En cambio, Rodríguez Ajenjo mencionó que “cada presidente fue metiendo a sus amigos como empleados nuestros y uno de ellos incluyó la clase de periodismo en la escuela para meter a su hermano. Cada cuatro años que se iba el presidente se liquidaba a los profesores y nos costaba un dineral. Preferimos invertirlo en el seguro social de nuestros asociados”.
El guionista precisó: “tenemos la escuela funcionando, pero con clases definidas, o sea, ahorita hay un curso de telenovela, uno de lenguaje corporal y uno de actuación para niños”.
Además de lo obsoleto del proyecto para escritores, el presidente mencionó que su modelo híbrido permanente de clases, nacido desde la pandemia de covid-19, fue un error, ya que por vía remota “ni aprendes”.

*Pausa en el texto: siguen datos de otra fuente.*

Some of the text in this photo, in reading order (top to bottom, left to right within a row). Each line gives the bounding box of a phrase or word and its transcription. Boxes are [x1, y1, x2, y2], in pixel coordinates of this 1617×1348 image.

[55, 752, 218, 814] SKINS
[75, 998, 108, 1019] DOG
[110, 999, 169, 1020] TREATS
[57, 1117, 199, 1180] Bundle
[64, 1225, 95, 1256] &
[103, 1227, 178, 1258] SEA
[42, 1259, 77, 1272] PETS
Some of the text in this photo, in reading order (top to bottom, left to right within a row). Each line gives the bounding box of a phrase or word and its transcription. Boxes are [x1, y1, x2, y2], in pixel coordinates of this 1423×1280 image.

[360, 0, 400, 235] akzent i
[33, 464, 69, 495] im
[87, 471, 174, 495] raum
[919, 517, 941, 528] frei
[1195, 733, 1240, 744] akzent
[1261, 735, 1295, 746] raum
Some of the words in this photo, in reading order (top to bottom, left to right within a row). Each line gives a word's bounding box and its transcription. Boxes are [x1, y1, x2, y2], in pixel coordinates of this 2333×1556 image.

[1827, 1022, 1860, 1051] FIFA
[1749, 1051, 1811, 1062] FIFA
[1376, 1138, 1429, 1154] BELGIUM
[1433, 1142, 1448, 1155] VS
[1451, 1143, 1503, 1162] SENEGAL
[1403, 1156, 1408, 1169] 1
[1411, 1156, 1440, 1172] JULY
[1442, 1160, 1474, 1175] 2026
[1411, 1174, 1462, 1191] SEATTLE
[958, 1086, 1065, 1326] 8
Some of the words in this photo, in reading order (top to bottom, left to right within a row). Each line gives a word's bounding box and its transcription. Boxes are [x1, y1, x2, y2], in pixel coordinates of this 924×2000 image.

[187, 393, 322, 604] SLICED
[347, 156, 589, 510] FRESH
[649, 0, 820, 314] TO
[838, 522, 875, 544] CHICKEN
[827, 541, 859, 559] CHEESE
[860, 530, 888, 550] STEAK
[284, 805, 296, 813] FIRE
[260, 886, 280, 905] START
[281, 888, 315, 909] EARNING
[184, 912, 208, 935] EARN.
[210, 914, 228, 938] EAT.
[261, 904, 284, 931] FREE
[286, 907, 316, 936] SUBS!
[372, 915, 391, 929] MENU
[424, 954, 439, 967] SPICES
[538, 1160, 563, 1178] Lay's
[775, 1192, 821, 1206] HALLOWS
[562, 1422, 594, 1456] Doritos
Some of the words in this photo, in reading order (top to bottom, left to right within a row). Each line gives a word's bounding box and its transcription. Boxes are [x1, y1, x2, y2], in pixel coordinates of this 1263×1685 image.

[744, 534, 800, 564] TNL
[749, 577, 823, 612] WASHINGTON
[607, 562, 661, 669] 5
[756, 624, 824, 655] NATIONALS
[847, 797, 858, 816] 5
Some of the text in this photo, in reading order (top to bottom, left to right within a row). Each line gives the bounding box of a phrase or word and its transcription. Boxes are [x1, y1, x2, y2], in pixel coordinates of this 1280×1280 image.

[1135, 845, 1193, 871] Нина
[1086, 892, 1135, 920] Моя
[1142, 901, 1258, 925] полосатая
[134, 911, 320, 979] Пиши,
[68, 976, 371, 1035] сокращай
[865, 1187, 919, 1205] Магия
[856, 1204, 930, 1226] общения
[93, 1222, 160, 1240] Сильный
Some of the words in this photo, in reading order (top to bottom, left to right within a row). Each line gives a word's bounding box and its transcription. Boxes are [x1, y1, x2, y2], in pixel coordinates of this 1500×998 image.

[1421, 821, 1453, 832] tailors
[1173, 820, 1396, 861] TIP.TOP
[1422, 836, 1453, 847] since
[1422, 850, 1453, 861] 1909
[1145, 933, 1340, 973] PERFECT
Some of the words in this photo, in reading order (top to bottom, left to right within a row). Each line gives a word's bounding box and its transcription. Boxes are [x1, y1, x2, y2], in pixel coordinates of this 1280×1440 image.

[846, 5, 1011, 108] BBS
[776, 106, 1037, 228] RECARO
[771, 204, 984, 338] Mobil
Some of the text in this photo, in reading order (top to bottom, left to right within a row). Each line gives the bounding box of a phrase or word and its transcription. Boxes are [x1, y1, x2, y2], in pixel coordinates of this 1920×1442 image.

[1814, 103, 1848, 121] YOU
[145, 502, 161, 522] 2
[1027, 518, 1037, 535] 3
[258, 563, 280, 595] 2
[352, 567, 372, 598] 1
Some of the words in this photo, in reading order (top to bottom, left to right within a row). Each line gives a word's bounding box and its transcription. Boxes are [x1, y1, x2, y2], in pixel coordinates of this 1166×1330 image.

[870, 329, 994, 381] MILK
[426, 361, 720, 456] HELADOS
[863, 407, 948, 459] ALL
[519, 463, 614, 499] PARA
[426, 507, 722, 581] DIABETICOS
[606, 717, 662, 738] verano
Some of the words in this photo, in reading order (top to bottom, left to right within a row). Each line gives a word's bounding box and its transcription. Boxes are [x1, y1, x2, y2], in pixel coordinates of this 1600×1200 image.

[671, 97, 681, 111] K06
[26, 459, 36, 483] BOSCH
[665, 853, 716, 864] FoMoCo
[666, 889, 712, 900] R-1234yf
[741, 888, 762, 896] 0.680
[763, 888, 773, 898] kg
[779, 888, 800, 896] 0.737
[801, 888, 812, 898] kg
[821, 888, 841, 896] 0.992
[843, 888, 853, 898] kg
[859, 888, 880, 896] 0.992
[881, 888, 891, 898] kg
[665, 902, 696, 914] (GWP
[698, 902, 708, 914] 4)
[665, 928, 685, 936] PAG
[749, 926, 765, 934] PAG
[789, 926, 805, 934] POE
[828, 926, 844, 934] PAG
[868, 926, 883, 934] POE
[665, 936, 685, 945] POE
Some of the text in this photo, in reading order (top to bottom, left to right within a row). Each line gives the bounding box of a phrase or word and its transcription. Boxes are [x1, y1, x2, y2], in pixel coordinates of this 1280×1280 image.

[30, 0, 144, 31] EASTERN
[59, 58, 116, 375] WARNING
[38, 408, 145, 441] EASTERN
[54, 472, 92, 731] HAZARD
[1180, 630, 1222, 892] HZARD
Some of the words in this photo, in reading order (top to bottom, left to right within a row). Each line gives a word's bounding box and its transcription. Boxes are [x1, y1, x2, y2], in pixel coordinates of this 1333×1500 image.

Manuel Rodríguez recordó que tras asumir el cargo en septiembre de 2024 visitó la escuela “y tenía siete maestros y había cinco alumnos, de los cuales dos estaban en la computadora y tres presenciales”. Al año siguiente ya no se publicó la convocatoria para el diplomado.
“La escuela fue creada para que los que de ahí salieran fueran socios de la Sogem. Salieron tres o cuatro. Los demás se dedicaron a escribir por su cuenta, algunos truncaron la carrera y otros están escribiendo literatura, o sea, en la sociedad no los podemos mover, ni ganan dinero.”
Cierre es “lamentable”
La escritora Claudia Guillén, directora de la Escuela de Escritores entre 2020 y 2024, discrepó con Manuel Rodríguez, principalmente porque considera que las cuotas de los alumnos pagaban los sueldos de sus maestros y directiva.
Según datos que aportó, en 2021 tuvo ingresos por un millón 647 mil pesos, el año siguiente recaudó 2 millones 197 mil pesos, en 2023 alcanzó una entrada de un millón 418 mil pesos y en 2024 un millón 6 mil pesos.
En charla por separado, la narradora contó que ella misma estudió en la institución de 1989 a 1991. “La vocación nunca era de lucro, sino más bien acercar a quienes tuvieran la intención de escribir en distintas disciplinas o géneros. Tuve la fortuna de tener maestros como Argüelles, Vicente Leñero, Tomás Pérez Turrent, Eduardo Casar, Gerardo de la Torre y otros, quienes recibían un pago por estar con nosotros”.
Guillén recordó que en su gestión la escuela tuvo como maestros a los cineastas Carlos Carrera y Luis Eduardo Reyes, los editores Joaquín Díez-Canedo y Tomás Granados, el especialista en derechos de autor Ramón Obón, el poeta y crítico Hernán Bravo Varela, entre muchos otros docentes valiosos.
Destacó que a raíz de la pandemia se inscribieron alumnos hispanohablantes que tomaban clases desde Inglaterra, Sudáfrica, Guatemala y el resto de México. “Abrimos talleres que tenían siempre una muy buena acogida con especialistas y escritores en activo: de literatura infantil, teatro, cine, cuento, novela y novela gráfica, incluso Bef (Bernardo Fernández) dio uno”.
La escritora concluyó que la desaparición es “francamente lamentable porque en principio se perdería la vocación inicial de la escuela, que era atender a futuros escritores y encaminarlos. Traiciona la vocación que tuvieron aquellos grandes escritores y la generosidad y objetivo de una sociedad de gestión, justo de cuidar a sus futuros autores”.